Patient web portals, disease management, and primary prevention
Received 16 December 2016
Accepted for publication 1 February 2017
Published 7 April 2017 Volume 2017:10 Pages 33—40
Checked for plagiarism Yes
Review by Single-blind
Peer reviewers approved by Dr Colin Mak
Peer reviewer comments 2
Editor who approved publication: Dr Kent Rondeau
Steven S Coughlin,1 Judith J Prochaska,2 Lovoria B Williams,3 Gina M Besenyi,1 Vahé Heboyan,1 D Stephen Goggans,4 Wonsuk Yoo,5 Gianluca De Leo1
1Department of Clinical and Digital Health Sciences, College of Allied Health Sciences, Augusta University, Augusta, GA, 2Department of Medicine, Stanford Prevention Research Center, Stanford University, Stanford, CA, 3Department of Biobehavioral Nursing, College of Nursing, Augusta University, 4Department of Public Health, East Central Health District, 5Institute of Public and Preventive Health, Augusta University, Augusta, GA, USA
Background: Efforts aimed at health care reform and continued advances in information technologies have prompted interest among providers and researchers in patient web portals.
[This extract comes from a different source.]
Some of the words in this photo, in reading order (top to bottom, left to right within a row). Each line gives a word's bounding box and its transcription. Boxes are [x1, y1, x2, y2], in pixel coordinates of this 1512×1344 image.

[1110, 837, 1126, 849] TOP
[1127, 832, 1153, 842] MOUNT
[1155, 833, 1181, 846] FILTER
Patient web portals are password-protected online websites that offer the patients 24-hour access to personal health information from anywhere with an Internet connection.
Methods: This article, which is based upon bibliographic searches in PubMed, reviews important developments in web portals for primary and secondary disease prevention, including patient web portals tethered to electronic medical records, disease-specific portals, health disparities, and health-related community web portals.
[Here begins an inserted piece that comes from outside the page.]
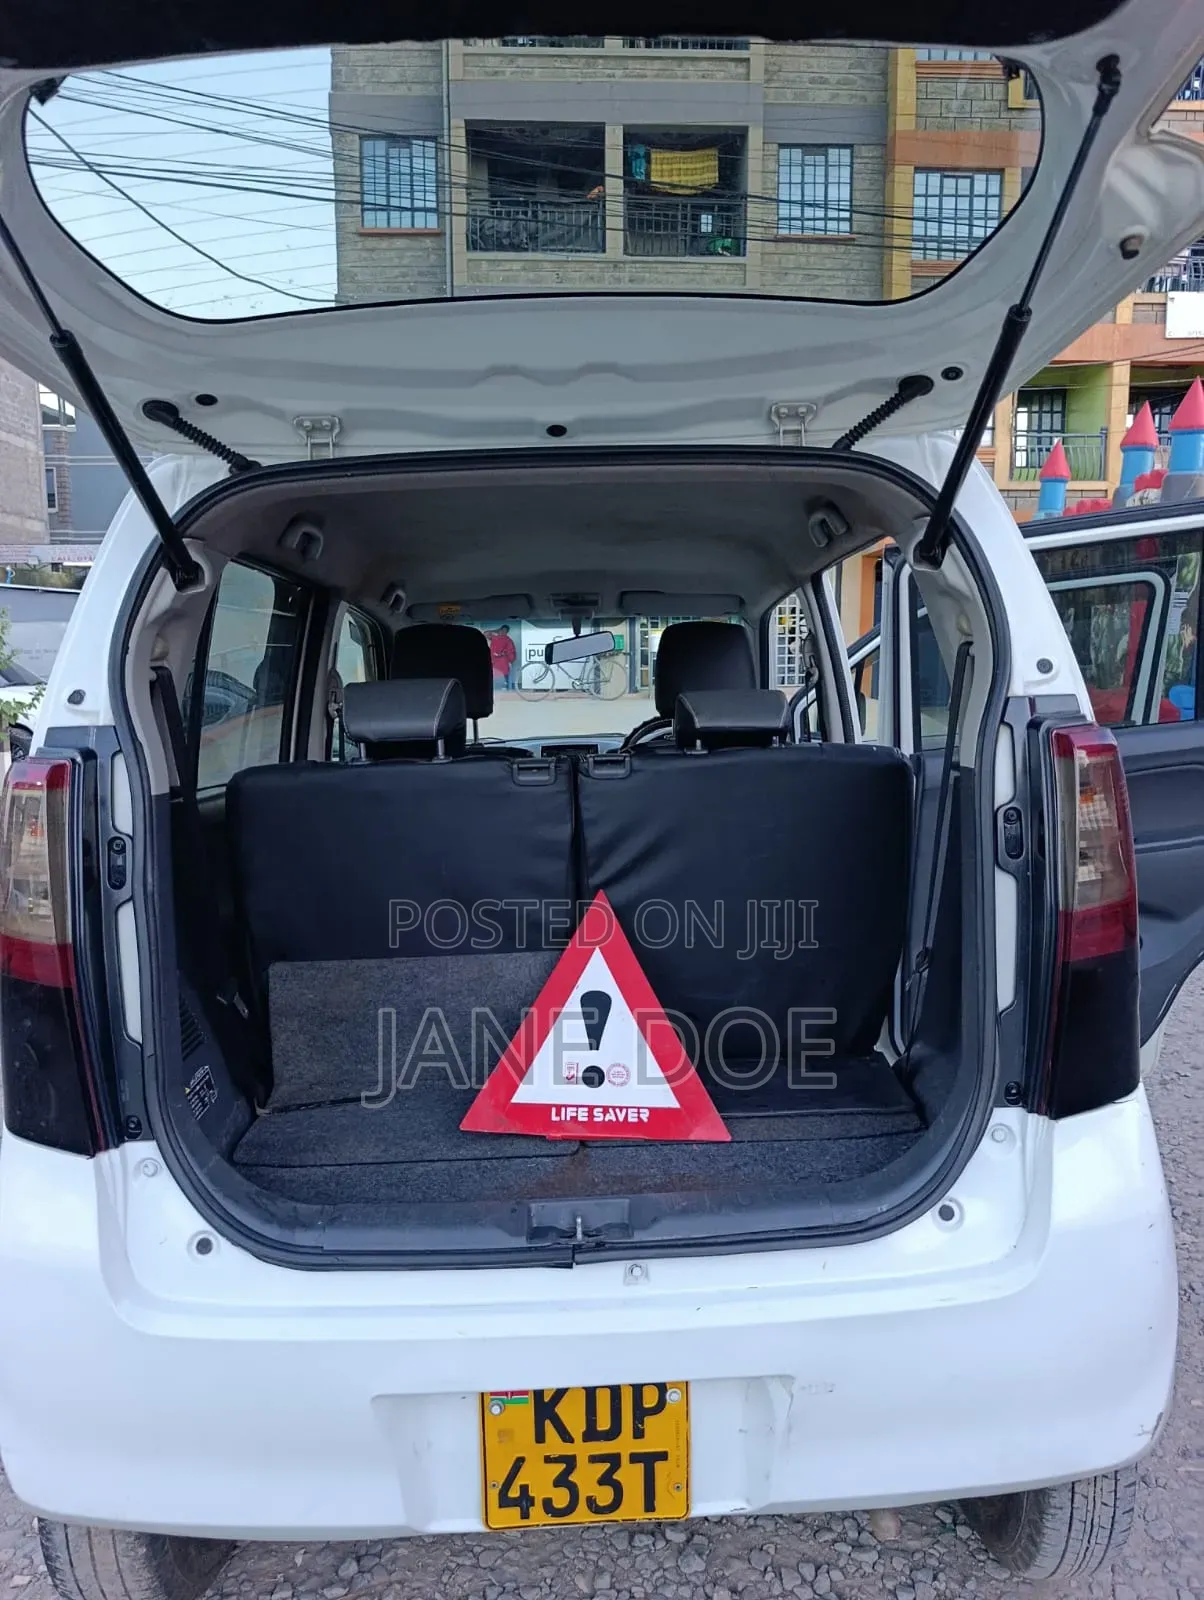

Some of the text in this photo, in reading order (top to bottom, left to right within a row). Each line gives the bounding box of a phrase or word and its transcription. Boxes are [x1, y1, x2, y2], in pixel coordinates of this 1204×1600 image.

[551, 1106, 650, 1123] LIFE SAVER
[533, 1383, 668, 1444] KDP
[498, 1451, 669, 1520] 433T
Results: Although findings have not been uniformly positive, several studies of the effectiveness of health care system patient portals in chronic disease management have shown promising results with regard to patient outcomes. Patient web portals have also shown promising results in increasing adherence with screening recommendations. Racial and ethnic minorities, younger persons, and patients who are less educated or have lower health literacy have been found to be less likely to use patient portals.
Conclusion: Additional studies are needed of the utility and effectiveness of different elements of web portals for different patient populations. This should include additional diseases and health topics such as smoking cessation and weight management.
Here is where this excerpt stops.